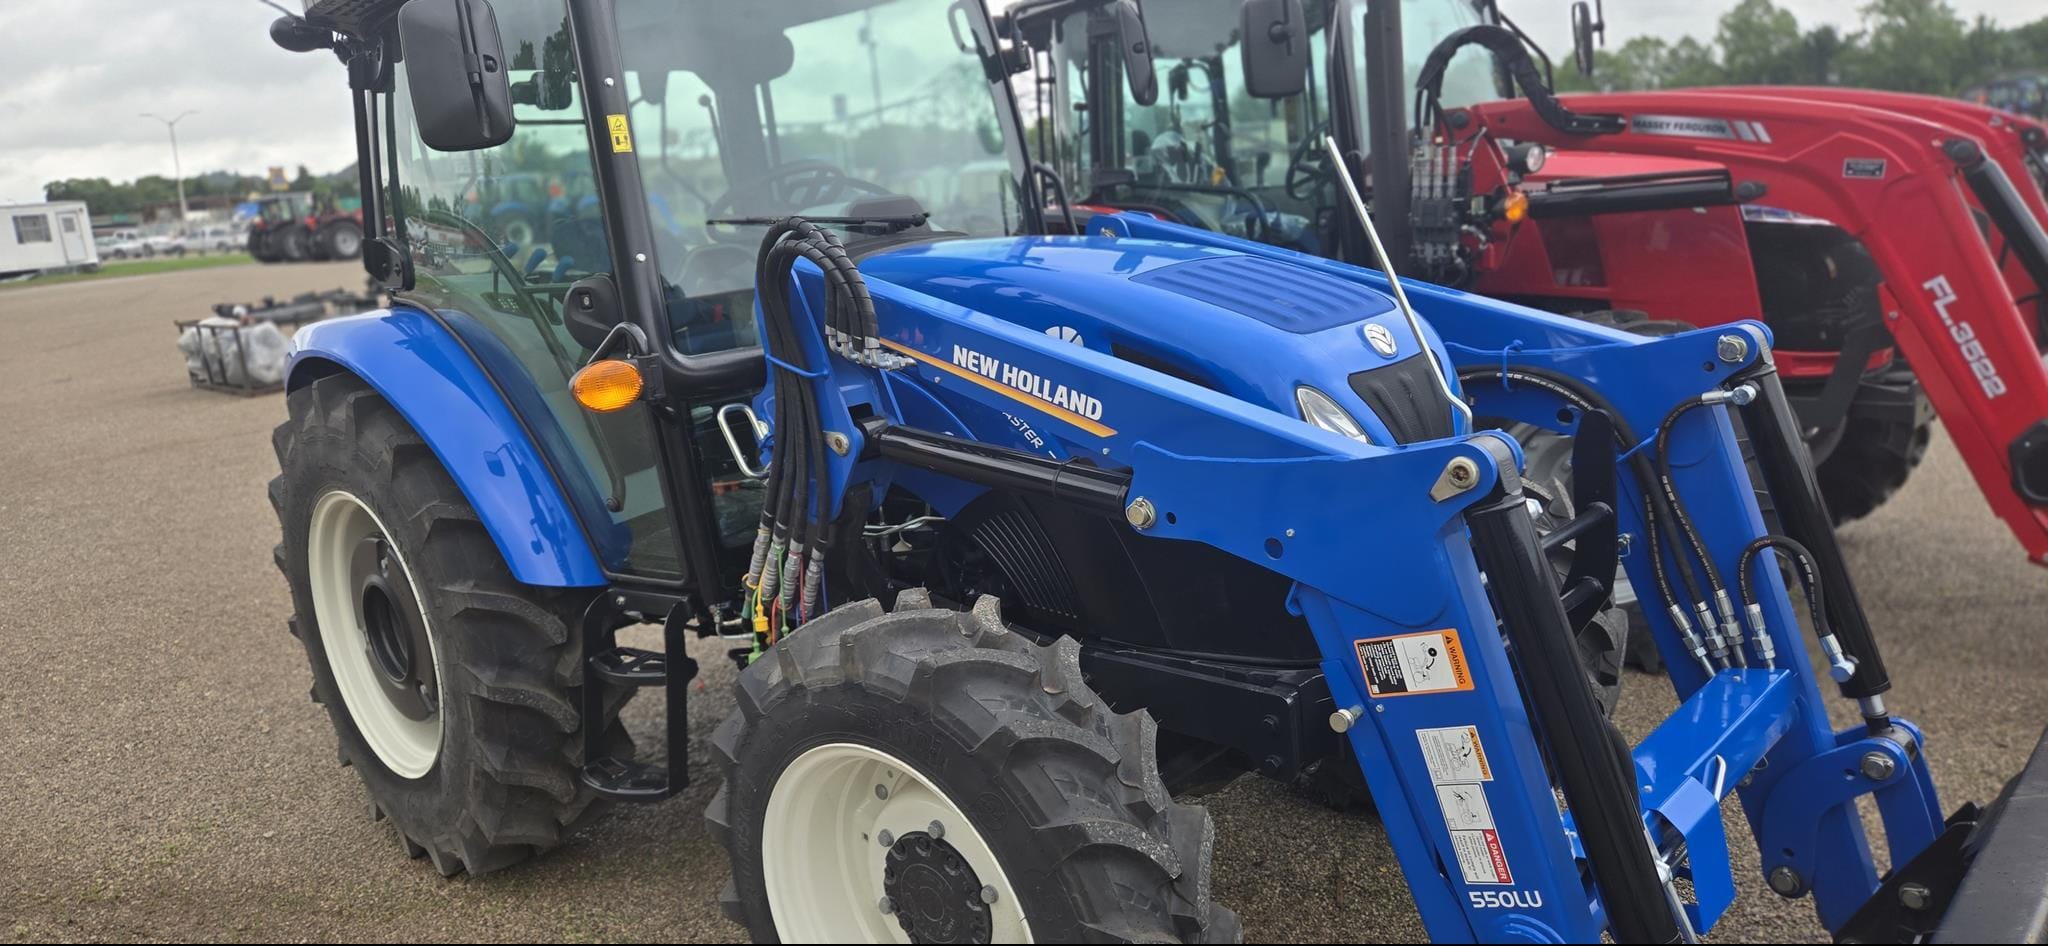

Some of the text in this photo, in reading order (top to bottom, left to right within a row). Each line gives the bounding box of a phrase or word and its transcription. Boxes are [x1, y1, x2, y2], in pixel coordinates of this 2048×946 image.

[1632, 119, 1727, 134] MASSEY FERGUSON
[953, 345, 1102, 421] NEW HOLLAND
[1448, 645, 1467, 685] WARNING
[1473, 737, 1488, 776] WARNING
[1489, 843, 1508, 880] DANGER
[1468, 889, 1543, 908] 550LU
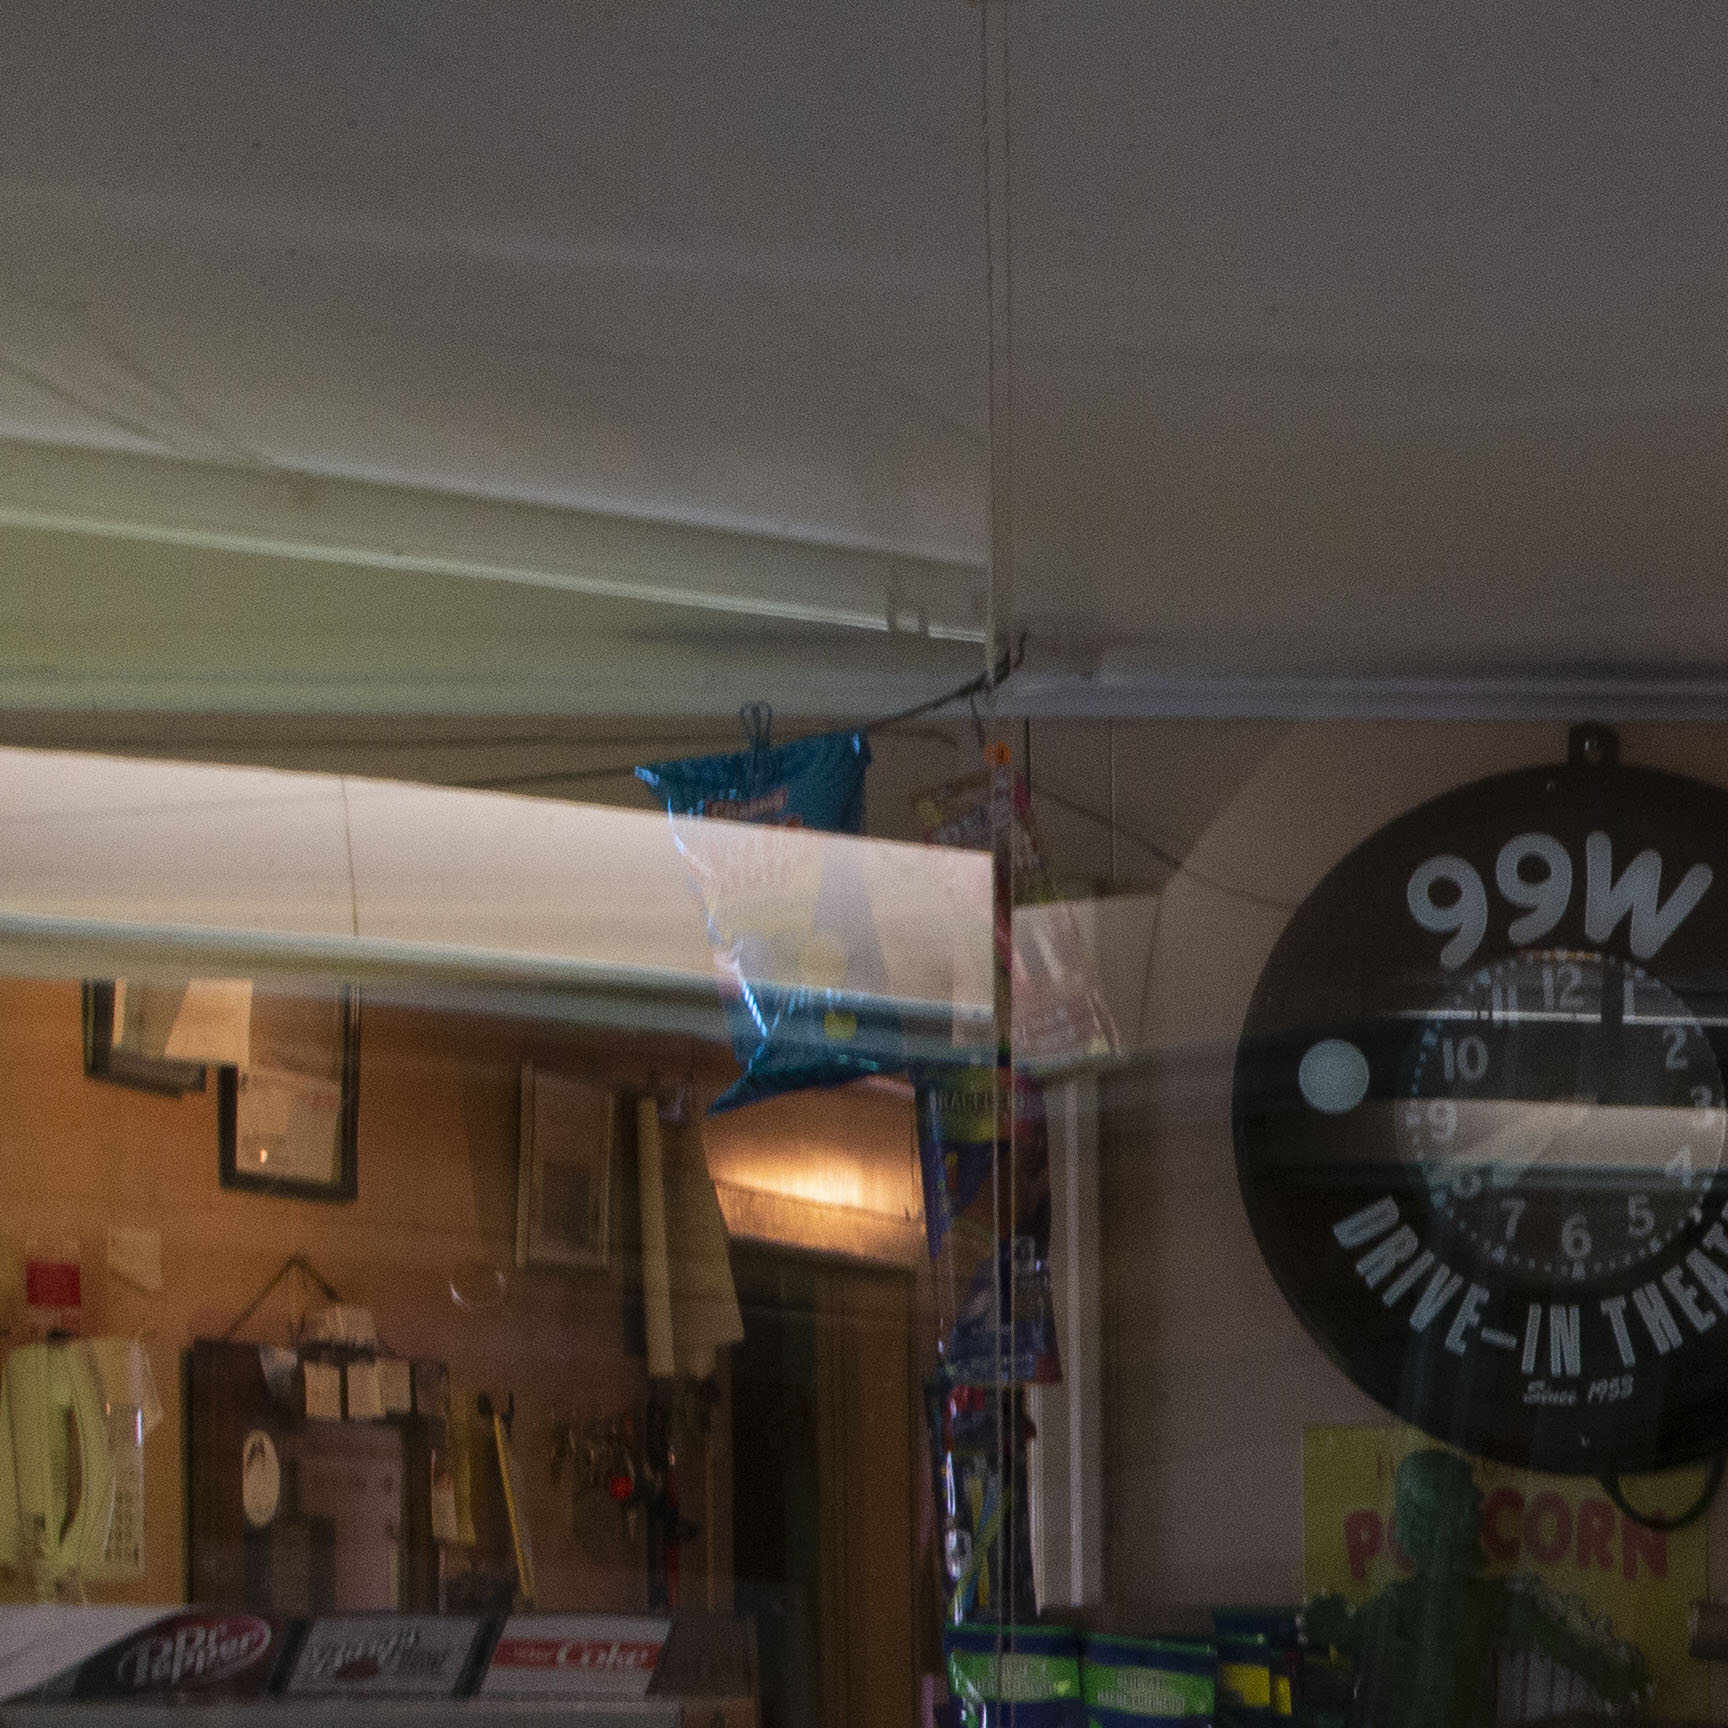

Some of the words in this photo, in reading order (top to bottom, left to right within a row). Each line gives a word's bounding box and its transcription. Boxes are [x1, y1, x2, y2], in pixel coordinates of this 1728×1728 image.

[1406, 830, 1714, 970] 99W
[1333, 1195, 1582, 1377] DRIVE-IN
[1345, 1487, 1669, 1582] PCORN
[557, 1640, 648, 1669] Coke

○ ○ ○ ○ ○ ○ ○

[Exercise instructions]
When you write out the material again, keep every word exact and omit the pictures.

[Your response]
Some of the text in this photo, in reading order (top to bottom, left to right within a row). Each line gives the bounding box of a phrase or word and its transcription. Boxes are [x1, y1, x2, y2], in pixel coordinates of this 2048×946 image.

[1632, 119, 1727, 134] MASSEY FERGUSON
[953, 345, 1102, 421] NEW HOLLAND
[1448, 645, 1467, 685] WARNING
[1473, 737, 1488, 776] WARNING
[1489, 843, 1508, 880] DANGER
[1468, 889, 1543, 908] 550LU

Some of the words in this photo, in reading order (top to bottom, left to right within a row). Each line gives a word's bounding box and its transcription. Boxes are [x1, y1, x2, y2], in pixel coordinates of this 1728×1728 image.

[1406, 830, 1714, 970] 99W
[1333, 1195, 1582, 1377] DRIVE-IN
[1345, 1487, 1669, 1582] PCORN
[557, 1640, 648, 1669] Coke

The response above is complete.